Gedankensplitter (1073)

Liberal heißt, nicht vom Sein auszugehen, sondern von der Funktion. Nicht von der Gestalt, und die Welt als Gestaltgefüge zu sehen, sondern als technische Maschine, die entsprechend funktioniert und beherrschbar ist. Man sieht dann die Welt völlig anders, sie zerfällt einem regelrecht. Denn ganz und heil bleibt sie nur, wenn man - wie im Traum - in einem Gestaltgefüge lebt, und bei allem, was man tut, diesen Ort (also: diese Gestalt) zu sehen, und nur sie. Daß es nur darum geht, daß alles seinen Ort hat, seine Ordnung, und daß somit von dort her alles ausgeht, was zu tun ist: Vom Sein, das das Handeln bestimmt.

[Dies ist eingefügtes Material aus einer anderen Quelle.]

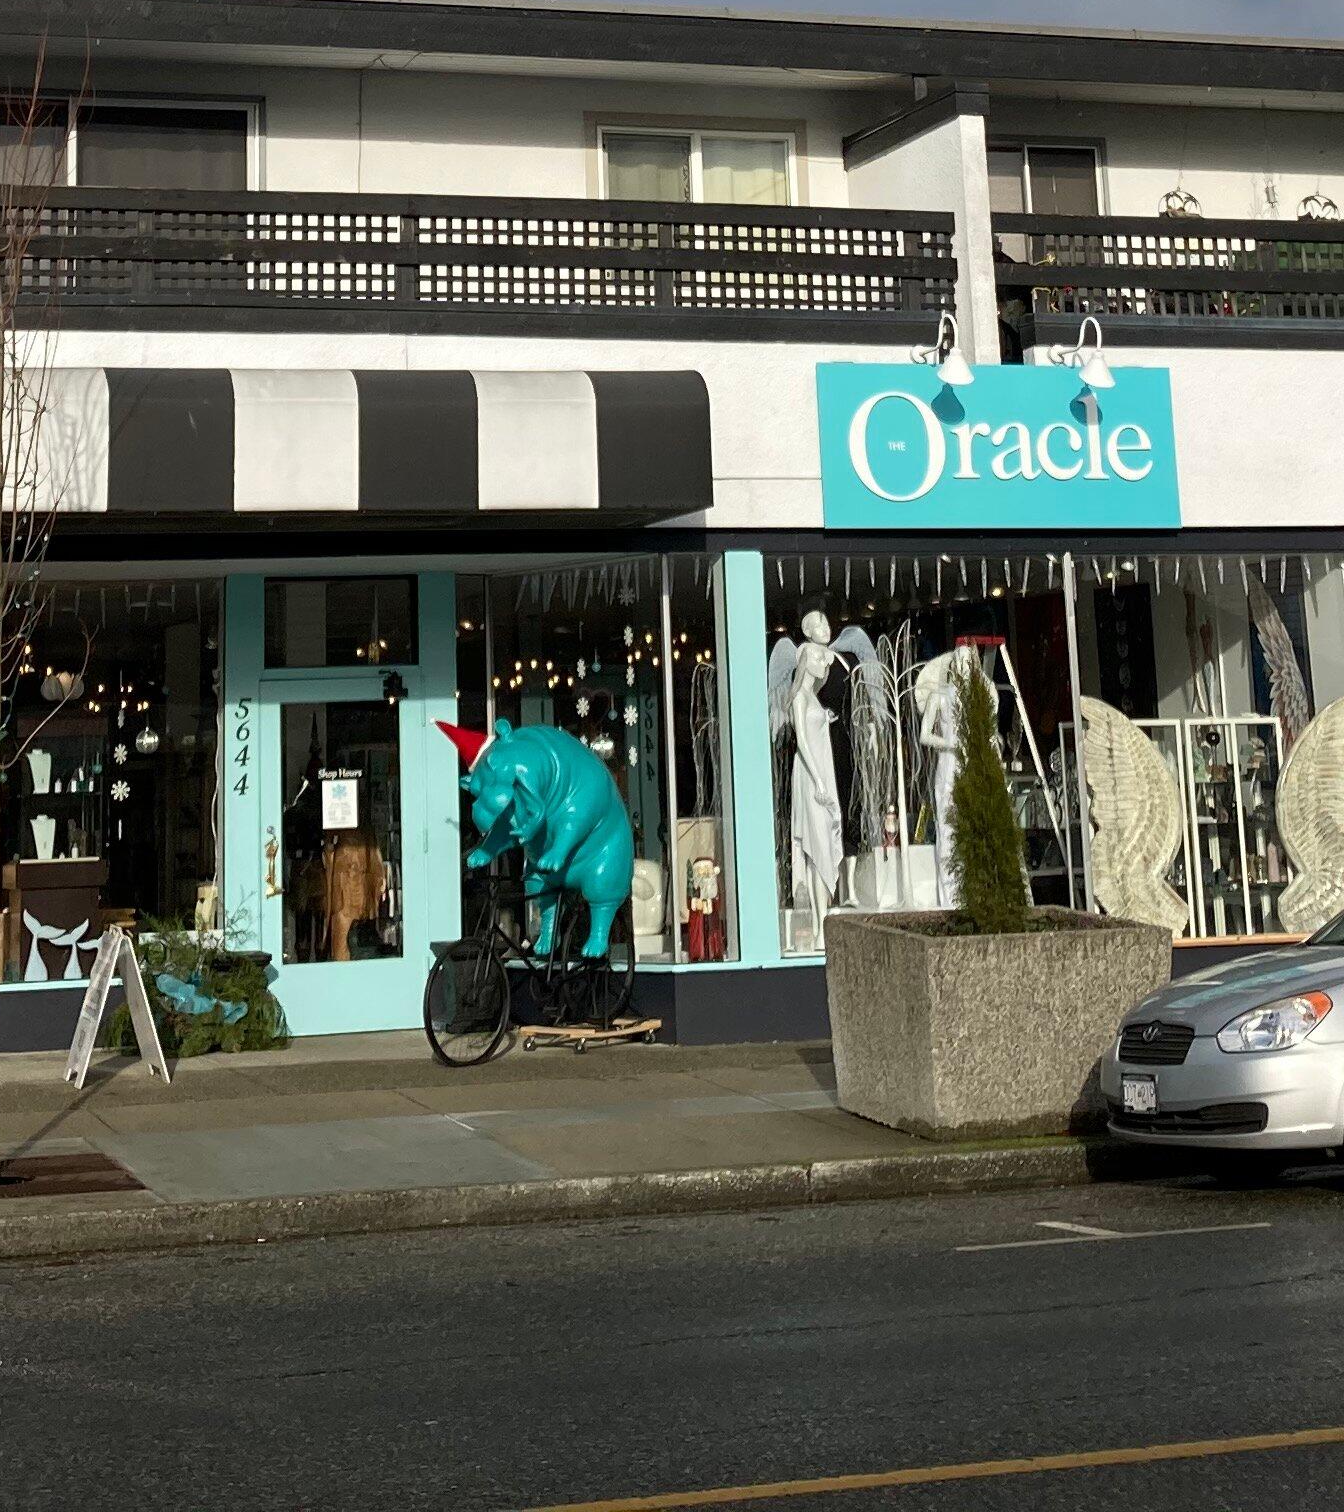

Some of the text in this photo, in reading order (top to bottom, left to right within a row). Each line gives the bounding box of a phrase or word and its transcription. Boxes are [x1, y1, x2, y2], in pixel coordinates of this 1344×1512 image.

Er hat engstens mit der Aufklärung zu tun. Und ist auch in dieselbe Zeit zu verankern, das heißt, daß er uns seit zweihundert, zweihundertfünfzig Jahren programmatisch zu durchsäuern begonnen hat. Ausgegangen ist er vom 13. Jahrhundert, ich bin sicher, dort wurden die Weichen erstmals durch die Politik, durch gezielte Veränderungen der Kulturinstitutionen, so gestellt.

Die Welt ist dadurch zerfallen, weil die Dinge zerfallen sind. Weil das Gesamte weggenommen wurde, verdunstet ist. Ein Teufelskreis. Je mehr das Außen, das Gesamt verdunstet, desto mehr richtet man sich aufs Einzelne, um es noch zu befestigen.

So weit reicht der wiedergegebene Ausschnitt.